Dans un pays à 90 % chrétien, avec une minorité musulmane représentant 9 % de la population, selon les chiffres de L’Atlas des religions publié en 2015 par Le Monde et La Vie, Michel Djotodia s’appuie sur une milice musulmane, la Seleka (« coalition » en langue sango), largement formée par des mercenaires venus de pays voisins.
Dès mars 2013, la Seleka prend Bangui et pille la ville, s’attaquant à la population majoritairement chrétienne.
Les chrétiens organisent alors, début septembre 2013, des milices appelées anti-balaka, perpétrant à leur tour des violences sur les musulmans. S’agit-il d’une guerre de religions ? Si cette dimension existe dans le conflit, il relève aussi d’oppositions culturelles plus larges.
Comme le rappelle Didier Giorgini dans sa Géopolitique des religions (Puf, 2016) : « Depuis plusieurs siècles, les nomades des bandes sahéliennes, islamisés, mènent des incursions chez des peuples sédentaires des zones situées plus au sud, le but étant parfois de razzier des esclaves qui ne pouvaient être musulmans ».
Le 5 décembre 2013, François Hollande décide d’intervenir. Il existe depuis 2002 des forces d’interposition sous mandat de l’ONU dans le pays.

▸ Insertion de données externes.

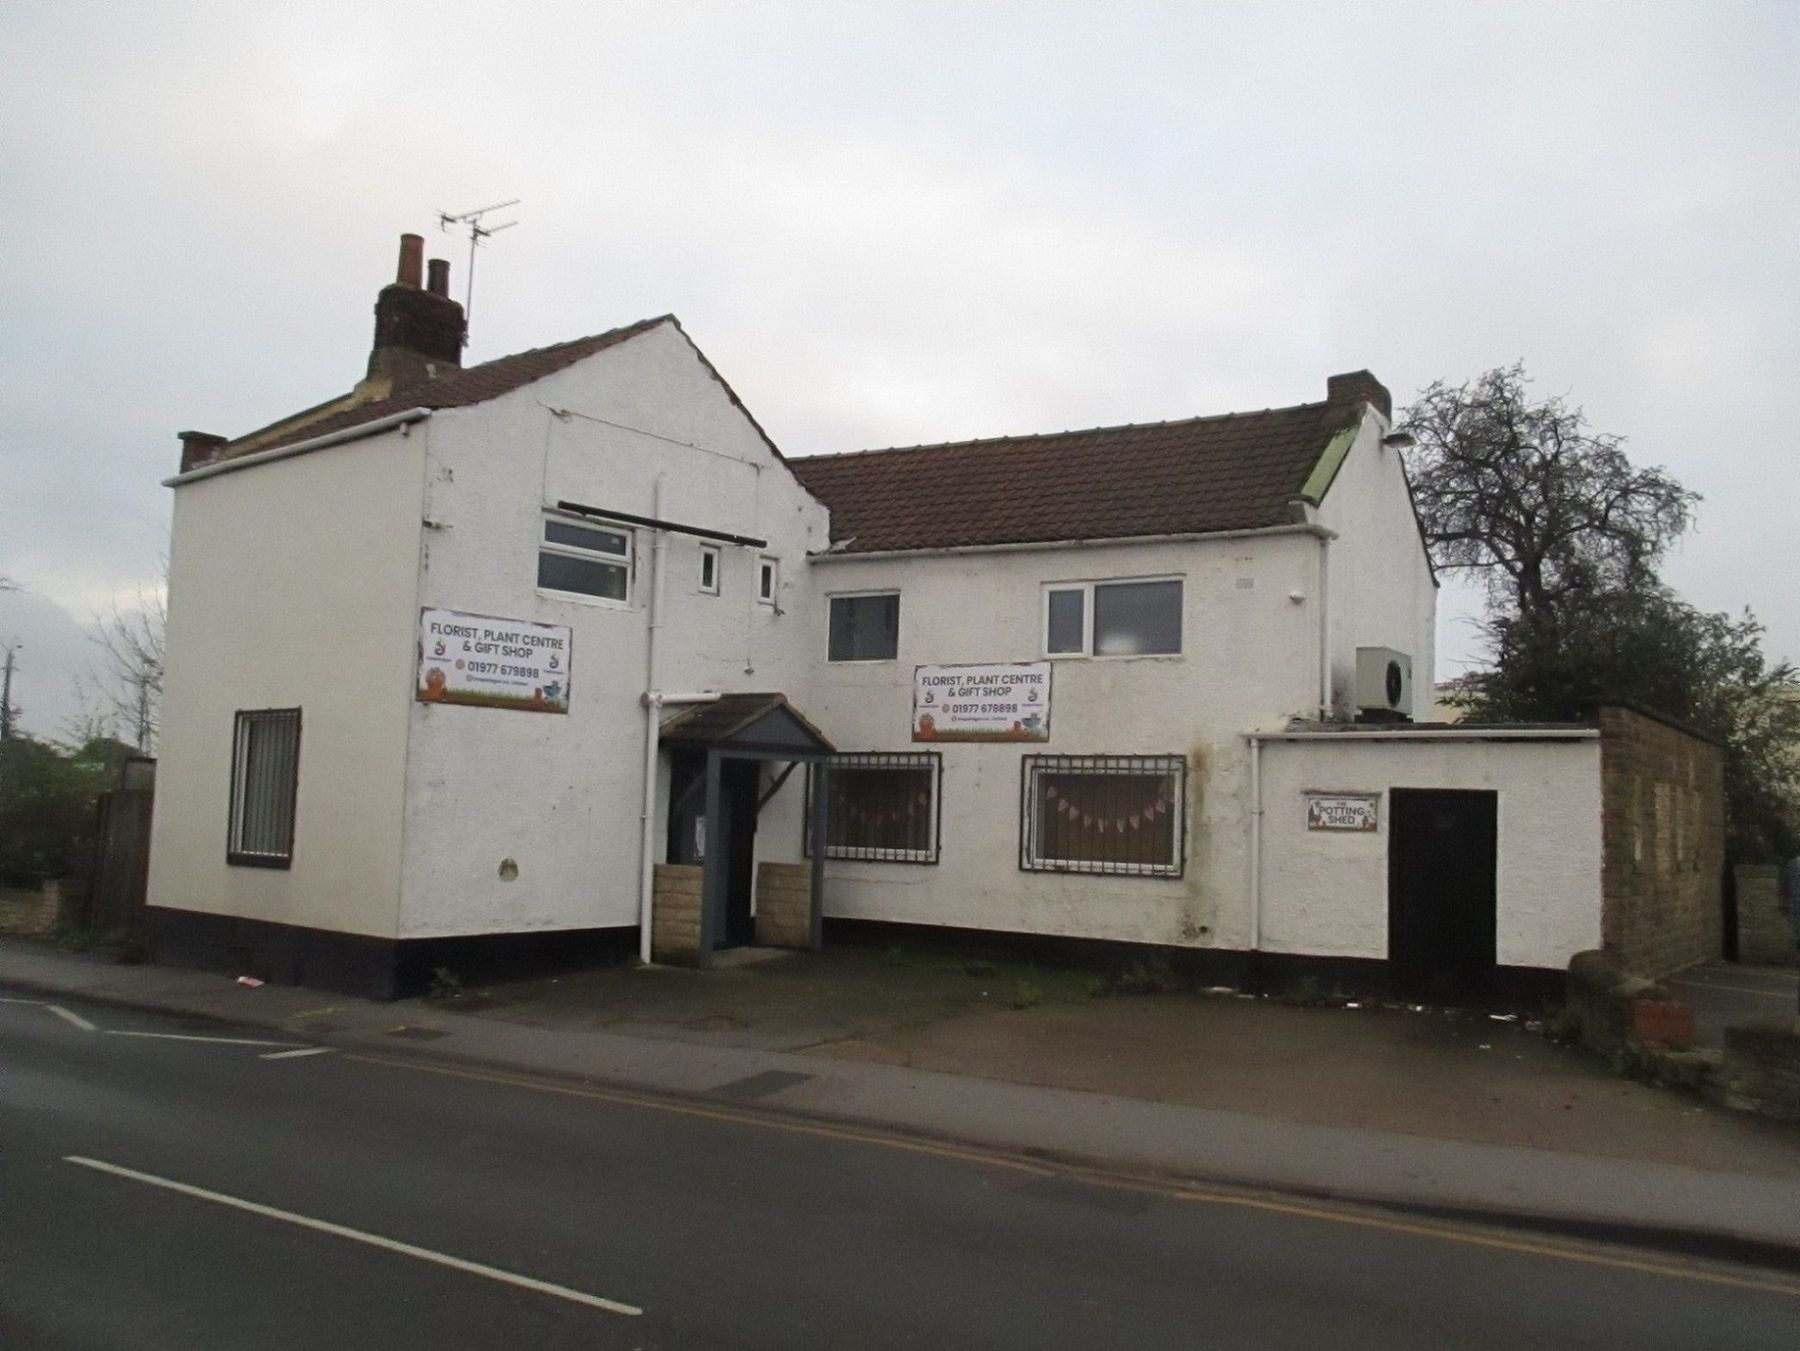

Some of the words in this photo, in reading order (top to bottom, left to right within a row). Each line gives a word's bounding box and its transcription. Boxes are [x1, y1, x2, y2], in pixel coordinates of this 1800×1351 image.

En 2008, l’opération a pris le nom de MICOPAX, puis de MISCA en 2013 et enfin de MINUSCA en 2014.
Cette force est essentiellement formée de troupes des États africains. Sangaris s’inscrit dans ce cadre.
L’opération rencontre plusieurs difficultés, mais mène efficacement la tâche d’interposition entre les combattants dans la capitale.
Pour le contrôle du reste du pays en revanche, « la doctrine française du ‘frapper et transférer’ (en transférant la sécurité du pays à l’ONU) a ensuite rencontré de nombreux obstacles », selon Nathalie Guibert (Le Monde, 29/10/2016). La pacification du pays n’a pas empêché de nombreux massacres.
Dès 2014, François Hollande manifeste le souhait de réduire l’opération, puis de la clore au plus vite.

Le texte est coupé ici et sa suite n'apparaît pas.